# Group mapping
With some type of external connectors, Cusna allows to define static rules to assign external users to a destination Group in Cusna, based on some criteria.
In general, the feature allows to statically define the mapping form a source group id (which definition depends on the IdP used) and the destination Cusna [Group](https://docs.cusna.io/service-management/groups).
{% hint style="info" %}
For most IdPs, you also have the option to make sure that only users that are mapped to a group are granted access to the service, by enabling the option **Authorize only members of mapped Groups**
{% endhint %}
### **Microsoft Entra (oAtuh)**
In case of Microsoft, it possible to crete rules that map the Azure Group ID into a Cusna Group.

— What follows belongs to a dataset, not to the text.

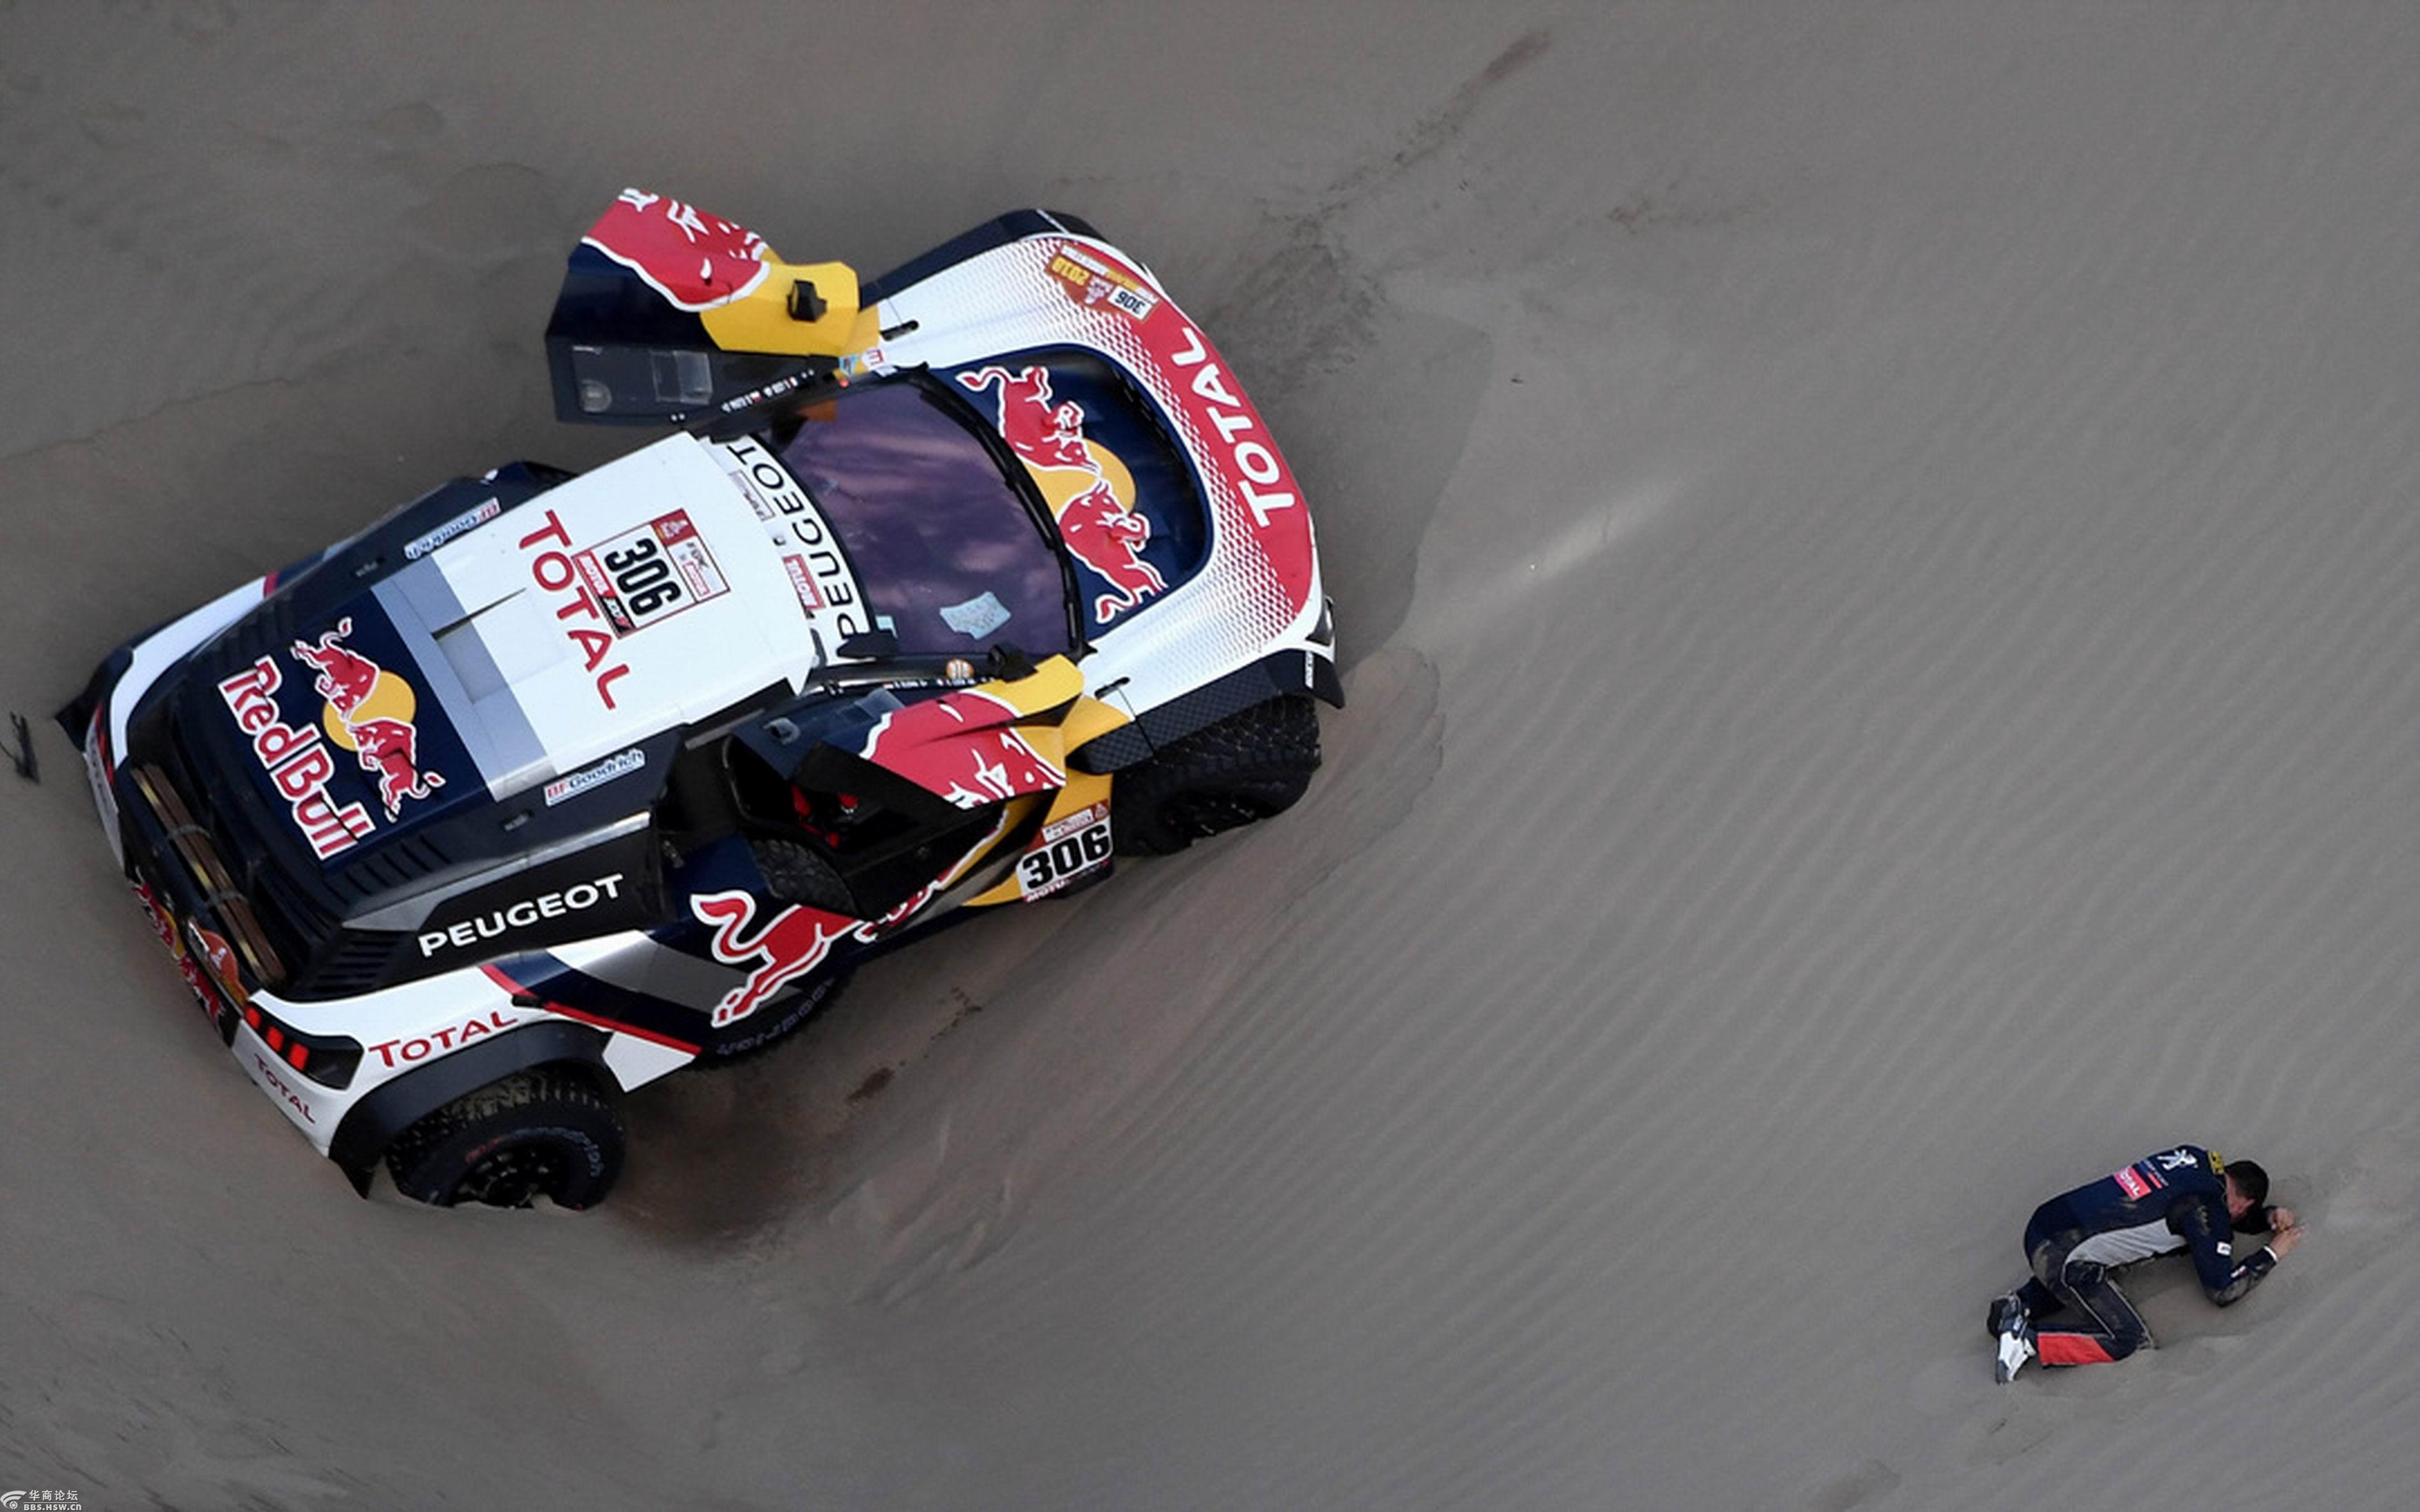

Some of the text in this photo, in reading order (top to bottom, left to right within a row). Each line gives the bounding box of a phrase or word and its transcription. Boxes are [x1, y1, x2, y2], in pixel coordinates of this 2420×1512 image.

You can select the Microsoft Entra ID Group form a dropdown menu
### **Google (oAtuh)**
In case of Google, it possible to crete rules that map the Google Group into a Cusna Group. You can select the Google Group form a dropdown menu.
### **SAML**
In case of SAML integration, for most systems, it possible to crete rules that map the source Group into a Cusna Group. You need to enter the SAML Group identifier manually in the Source Group ID input.
#### Microsoft Entra
For Microsoft Entra ID, you need to enter the value of the Object ID of the Group that you can find the in the Azure Portal.